Benedictine Spirituality (2024)

Benedictine Spirituality is a way of life in which one follows Christ in the footsteps of St Benedict as prescribed in his Holy Rule. We also follow our Constitution, and Manual of the Cistercian Order of the Holy Cross.

Benedictine spirituality is practical and profound. The Rule of St. Benedict has often been referred to as a compendium of the Holy Gospel of Jesus Christ.

Benedictine/Cistercian monasteries are palaces where the glory of God shines out.

Monks are called to seek and abide in the love of God through the celebration of the Eucharistic Liturgy and the singing and reciting of the Office.

Humility is fundamental to monastic life. Humility makes our communities the throne of God.

St. Benedict invites us to build a community in which we are liberated from rivalry, competition, and power struggles.

This implies a profound challenge to the modern cult of self.

The Cistercians, a reformed Benedictine movement of which we belong, developed a profound spirituality based on solid theological anthropology such as knowledge of self in community, love and mystical contemplation.

Indeed the Rule offers each person a direct path to Gospel perfection, through a careful balance between the traditional monastic observance and our contemporary culture. Catholics and Protestants have benefited from the teachings of St. Benedict.

  • Preferring nothing to the love of Christ
  • Joyfully accepting the blessing of obedience, practicing fraternal charity, progressing in the conversion of life and the practice of humility
  • Greater places of silence, peace, brotherhood, and ecumenical sensitivity
  • Authentic religious perfection
  • Witnesses of the theological virtue of hope
  • The search for God
  • Obsculta –”listen with the ears of your heart.” We listen, trusting that God is there and that God will speak.
  • Burning passion for God, discipline and discipleship
  • Spirit of hospitality
  • The luminous figure of St Benedict stands in our midst, pointing always to Christ
  • Contemplative silence
  • Devotion to Mary to whom the Cistercian Order is consecrated
  • Faithfulness to our way of life as we live in charity and courage

Benedictine/Cistercian spirituality is not a spirituality of escape. It is a spirituality that fills time and space with an awareness of the presence of God. For this purpose, Benedict called for prayer at regular intervals of each day.

Benedictine prayer has several characteristics that make more for a spirituality of awareness than of consolation. It is regular, converting, reflective, and communal. Out of these qualities a whole new life emerges and people are changed.

We pray to see life as God sees it is, to understand it, and to make it better.

We pray to dispose ourselves to God. “Here I am Lord.” We pray to open our hearts and minds to be challenged and changed by God and neighbor.
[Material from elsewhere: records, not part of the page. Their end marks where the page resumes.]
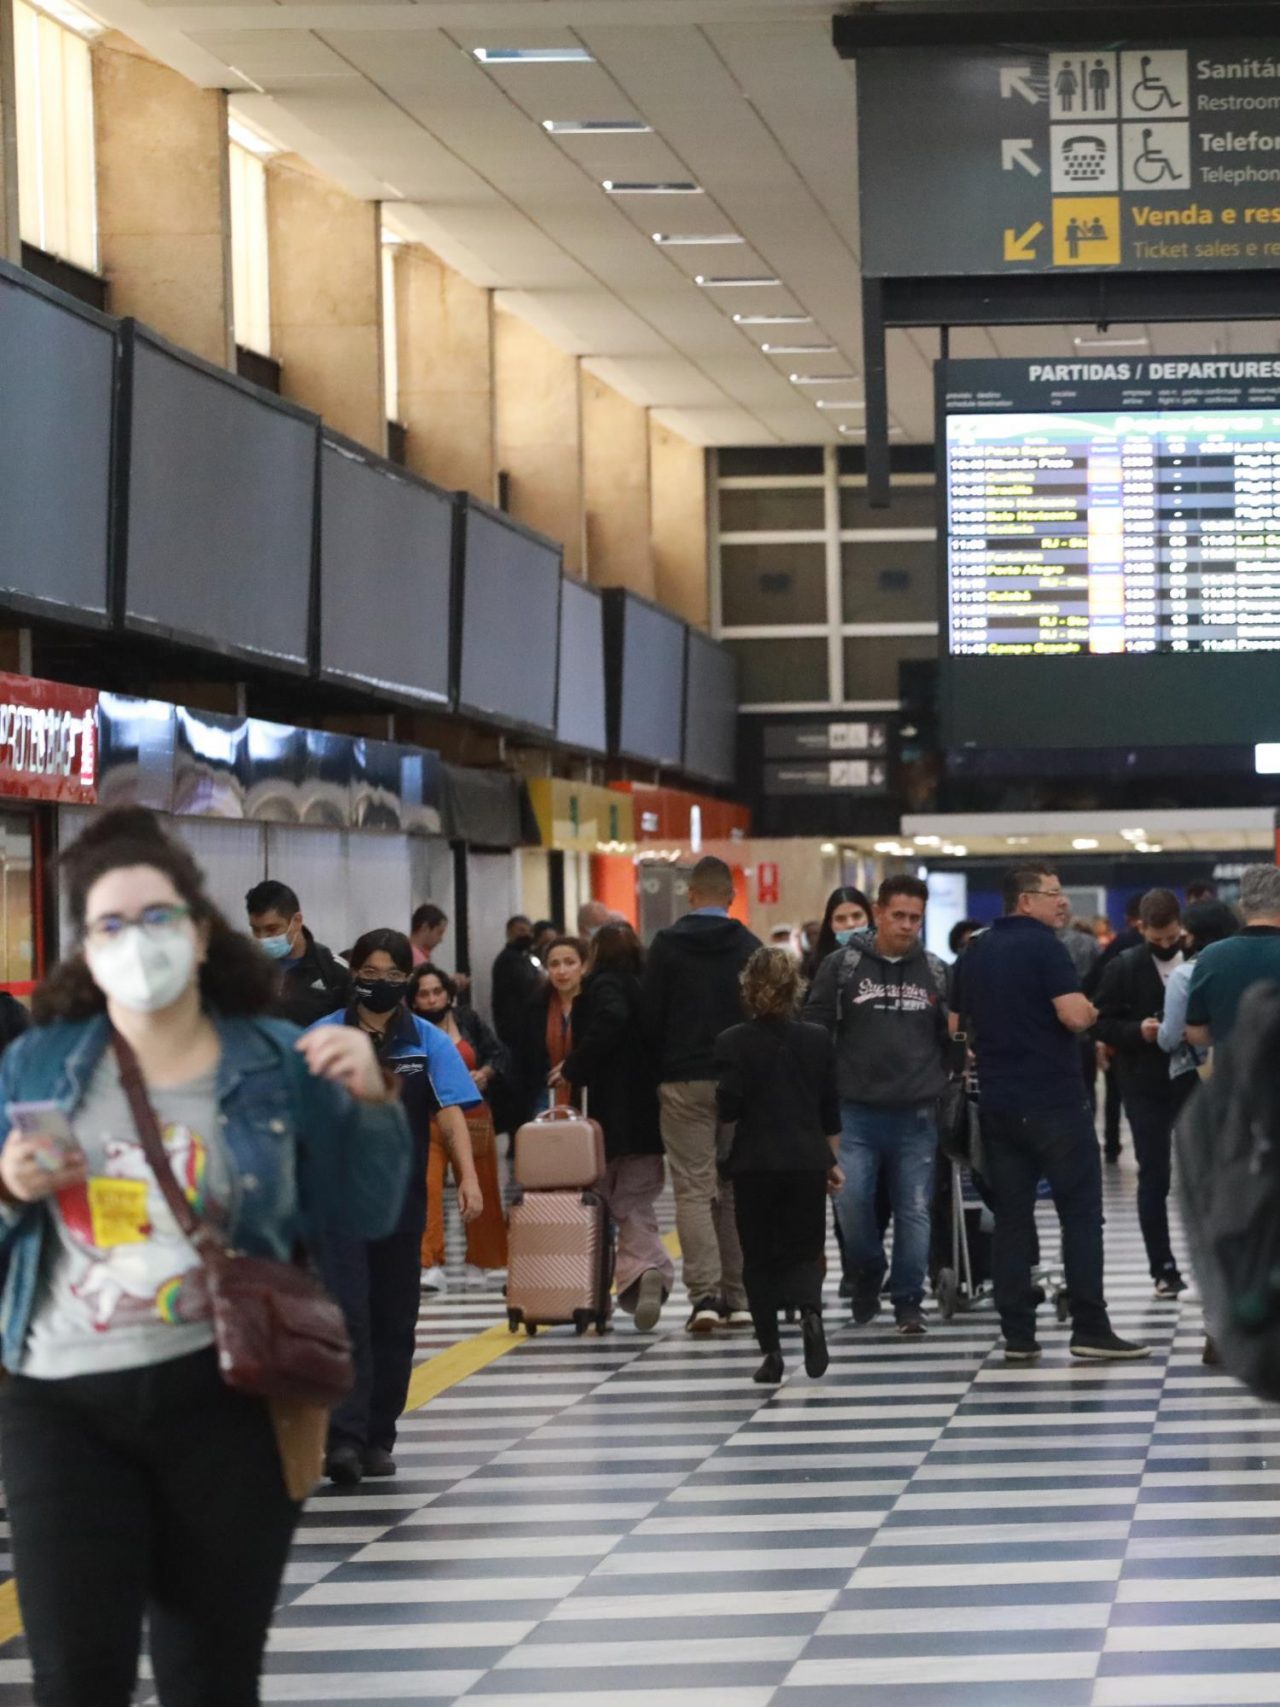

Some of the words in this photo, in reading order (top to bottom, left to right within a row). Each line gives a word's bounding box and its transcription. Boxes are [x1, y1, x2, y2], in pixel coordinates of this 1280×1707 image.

[1132, 204, 1213, 227] Venda
[1221, 209, 1236, 224] e
[1133, 240, 1189, 260] Ticket
[1194, 239, 1240, 258] sales
[1246, 243, 1258, 256] e
[1029, 364, 1130, 381] PARTIDAS
From this is born the Benedictine/Cistercian monastic vows of obedience, stability and conversion.

For the true contemplative, all is God, all is prayer.
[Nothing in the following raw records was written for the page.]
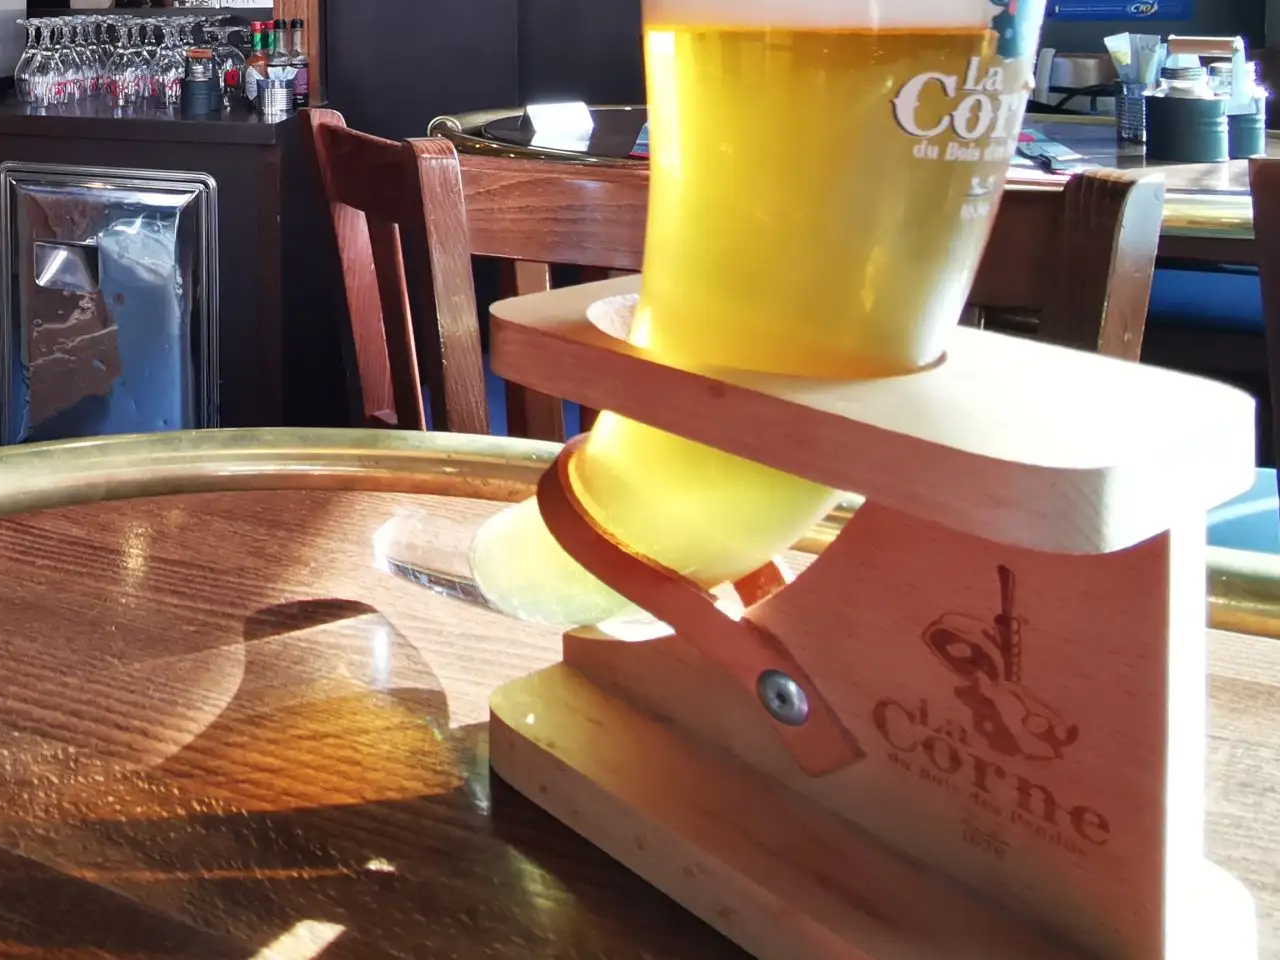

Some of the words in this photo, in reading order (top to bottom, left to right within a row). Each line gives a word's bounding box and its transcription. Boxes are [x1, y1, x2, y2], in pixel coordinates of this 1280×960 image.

[964, 56, 1004, 91] La
[892, 71, 1029, 140] Cor
[912, 141, 940, 159] du
[943, 142, 981, 161] Bois
[872, 696, 1111, 846] Corne
St Benedict knew that the regeneration of the individual generally is not to be reached by the path of solitude, nor by that of austerity, but by the beaten path of man’s social instinct, with its necessary conditions of obedience and work, and that neither the body nor the mind can be safely overstrained in the effort to avoid evil.

Ora et Labora. Opus Dei. Silence. Solitude. Simplicity. Material and Spiritual Simplicity, Work, Prayer, and Study – are a must for cultivating a contemplative atmosphere, both within and around. The result should be PAX.

Silence or restraint of speech operates at many levels and is an act of discipline proper of the spiritual art. It necessitates that state of tranquillity which makes possible greater attention to the non-sensate realities of the spiritual world. Different levels and degrees of monastic/spiritual silence are as follows:

  • Reduction of Physical Noise
  • Avoidance of the Sins of the Tongue
  • Conservation of Energy
  • Attentive Listening
  • Concentration
  • Listening with the Heart

The only way to pray is to pray and the way to pray well is to pray much.
If one has no time for this, then one must at least pray regularly.
But the less one prays, the worse it gets.

When one has imbued oneself in prayer, silence and solitude, it becomes almost impossible to believe that life’s journey ends at the grave. Following Christ under a Rule and an Abbot, community life becomes a school of the Lord’s service and a training ground for brotherly love.

Being an intern, extern monk or oblate, community life offers a challenge. Life circ*mstances and the people therein can be difficult at times. It is there that we meet the Crucified Christ.

And so we do this walk together with confidence that God is intimately close.